The key genes measured within 72 h of age in HIE newborns did not predict abnormal neurodevelopmental outcomes at 12 to 18 months. It could be the effect of TH or the brain-cell-protective effect of HPS. Earlier diagnosis and intervention of HIE are critical to lessen the neurological sequel and to decrease the neonatal mortality [45]. Even earlier TH intervention has shown reduced neuronal loss and improved survival and brain functional outcome afterwards. The sooner cooling can be initiated after injury, the more likely it is to be successful, as many human experimental studies additionally manifested that the sooner the TH is started, the better the therapeutic effect results [46].

Some studies described elevation of LDH and CPK enzymes following the hypoxic insult [47]. These enzymes were significantly elevated in this study as well. Although significant increases were observed, it is difficult to see the two enzyme levels as tissue-specific. Another biomarker is a serum brain-specific protein, including S100B in HIE newborns, which is also elevated in infants with brain damage diagnosed by MRI [48]. It is expected that the gene expression examined in this study will be more suitable to specifically reflect the effects of HIE-induced acute brain injury and the severity. Therefore, we considered that the two genes mentioned in our results would be suitable biomarkers as likely indicators to be used to assess the initial severity of HIE.

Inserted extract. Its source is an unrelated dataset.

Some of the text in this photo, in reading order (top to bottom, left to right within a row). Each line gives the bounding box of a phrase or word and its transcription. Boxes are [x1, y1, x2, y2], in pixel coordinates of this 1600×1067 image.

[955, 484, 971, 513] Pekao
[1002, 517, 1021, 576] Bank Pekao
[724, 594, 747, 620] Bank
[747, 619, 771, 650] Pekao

This study had some limitations. Several factors may have contributed to a potential selection bias in our analysis: First, we had a relatively small sample size in study group due to appropriate blood sampling in infants; second, hidden disabilities may subsequently have become apparent later after 18 months of age, and some infants might have important developmental lags that were not classified as impairments.

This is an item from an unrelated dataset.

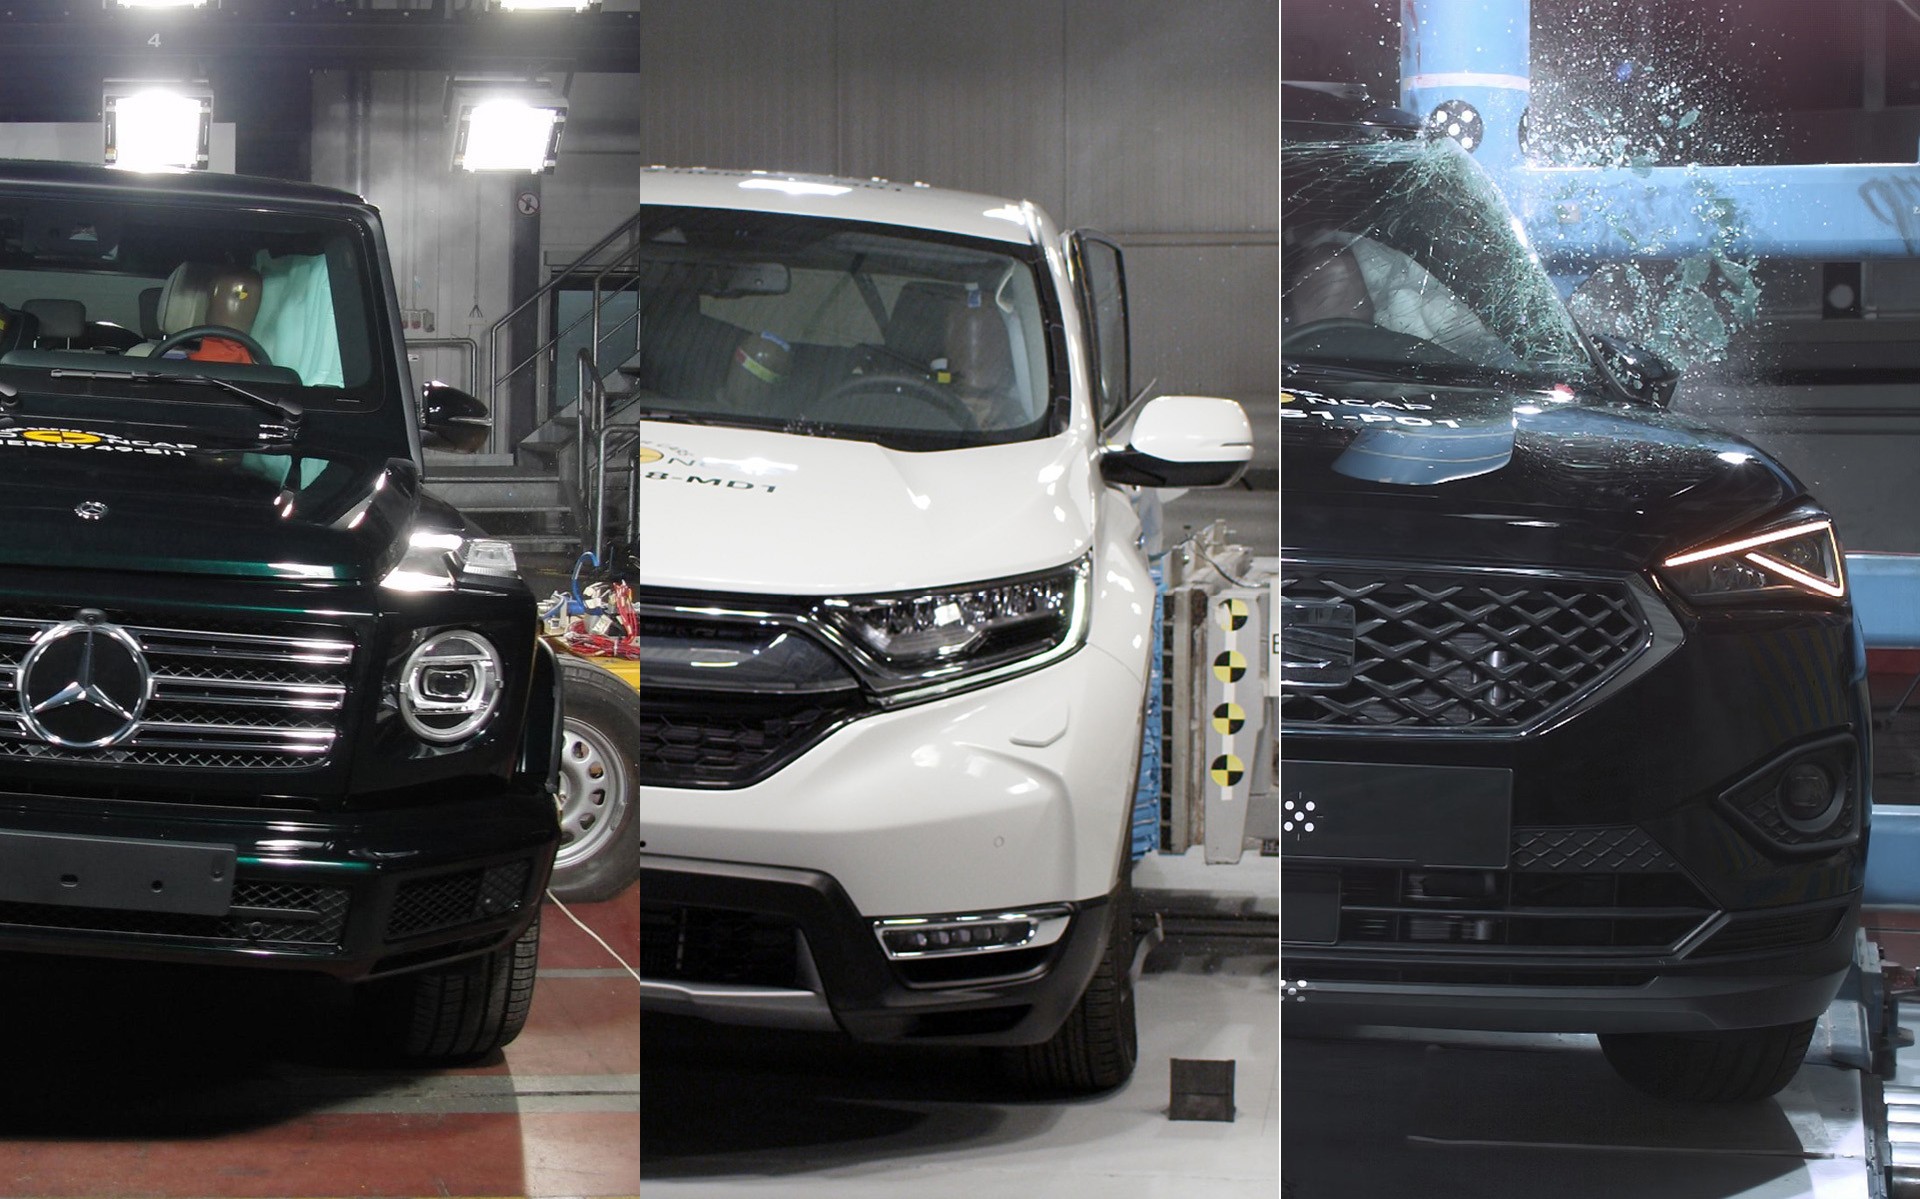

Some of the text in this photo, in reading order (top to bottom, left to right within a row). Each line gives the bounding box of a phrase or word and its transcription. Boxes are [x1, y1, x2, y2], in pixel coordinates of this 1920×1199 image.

In addition, brain MRI performed to evaluate the degree of acute ischemic injury was taken around 7 days of age. Many infants receiving therapeutic hypothermia are intubated, and brain MRI is done after extubation. Therefore, the mean brain MRI examination time was 7 days after birth in a extubated state. In order to evaluate the degree of acute ischemic injury, there is a point that the time of imaging is delayed compared to that of blood samples taken within 6 h before hypothermia therapy was performed. In some of the literature, diffusion-weighted brain MRI within 10 days is reported to reflect early ischemic brain injury in association with perinatal HIE accurately [49]. The imaging suitably reflects birth asphyxia. With this, we sought to assess the effects of ischemic injury and to identify associations with specific gene expression observed in patients in the early stages of the injury.

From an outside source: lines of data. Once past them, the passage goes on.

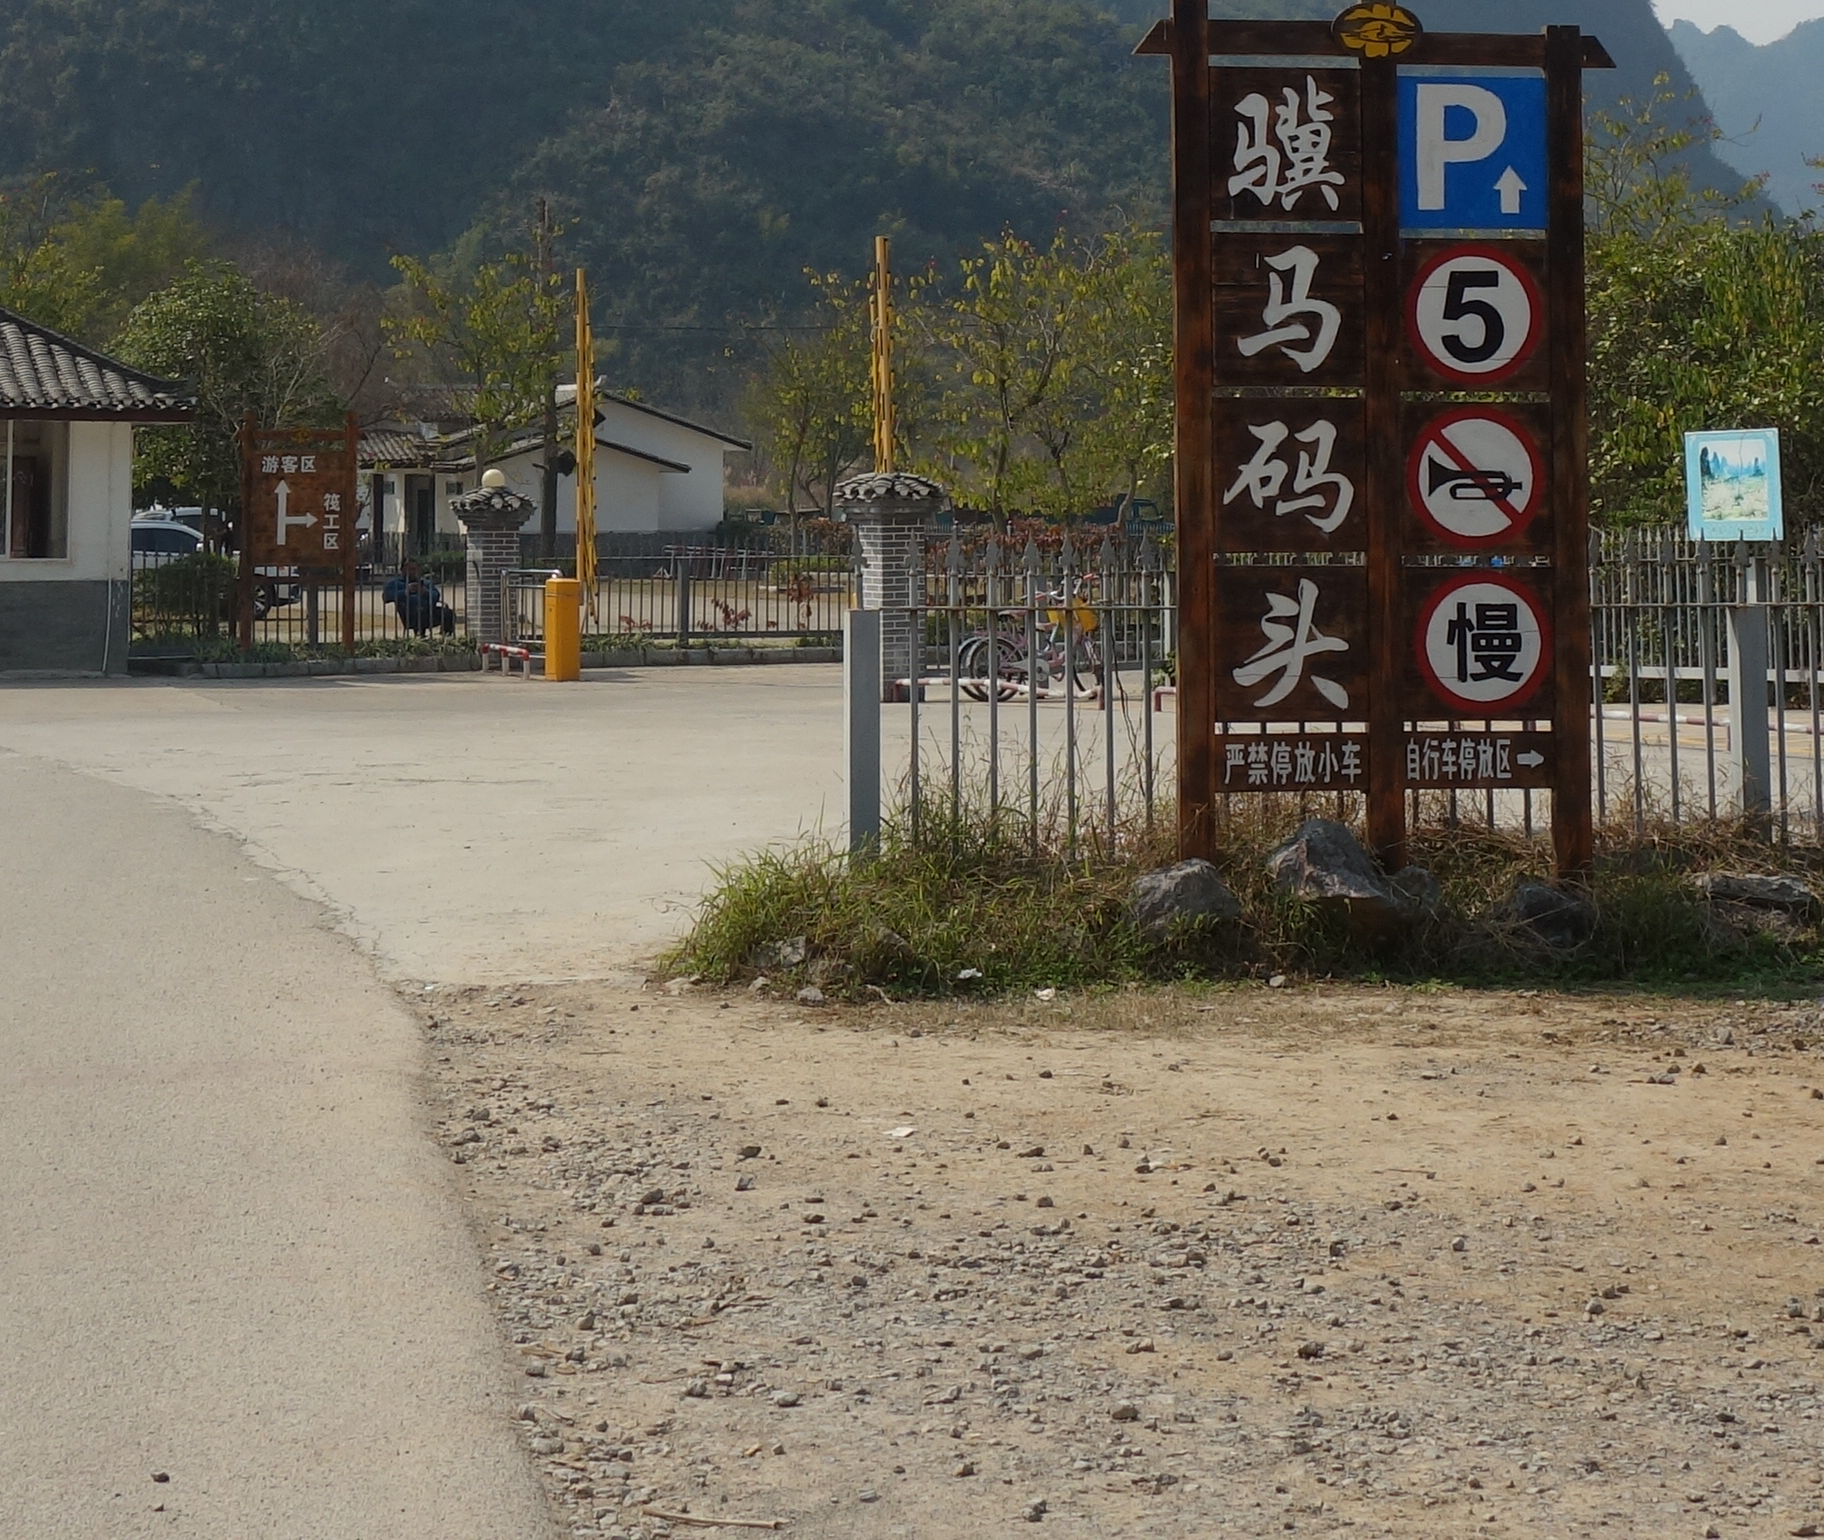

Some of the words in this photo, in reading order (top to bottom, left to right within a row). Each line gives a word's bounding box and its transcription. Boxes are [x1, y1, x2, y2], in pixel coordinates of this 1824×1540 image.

[1415, 82, 1508, 211] P
[1440, 269, 1507, 364] 5
[1222, 74, 1356, 709] 骥马码头
[261, 454, 317, 474] 游客区
[322, 492, 341, 550] 筏工区
[1447, 602, 1524, 684] 慢
[1223, 739, 1363, 786] 严禁停放小车
[1405, 737, 1513, 782] 自行车停放区

After acute ischemic event, the elevation of those specific genes might reflect as potential prognostic biomarkers in the severity of HIE infants. These potential validated genes as biomarkers can optimize neurotherapeutic trials by more accurately risk stratifying patients at entry, serving as surrogate outcomes in the future. The risk stratification to guide additional neuroprotective therapies in the future may improve our early ability to detect and predict outcomes. Further studies on HIF1 [50] as a gene that is transcribed in hypoxic stress and encodes HSP-90 may probe its association with HIE infants in the future.

5. Conclusions

Heat-shock protein 70 family 1 A (HSPA1A) and serpin family H member 1 (SERPINH1) genes, which encode heat-shock protein (HSP) 70 and 47, respectively, were significantly elevated in the ≥ moderate-HIE, seizure, and abnormal MRI groups. HSP 70 and 47 were significantly elevated in the severe-HIE group, possibly playing protective roles in inhibiting exacerbated neuroinflammation and maintaining a cellular homeostasis. At 18–24 months, ≥ moderate-HIE group manifested a significant language delay.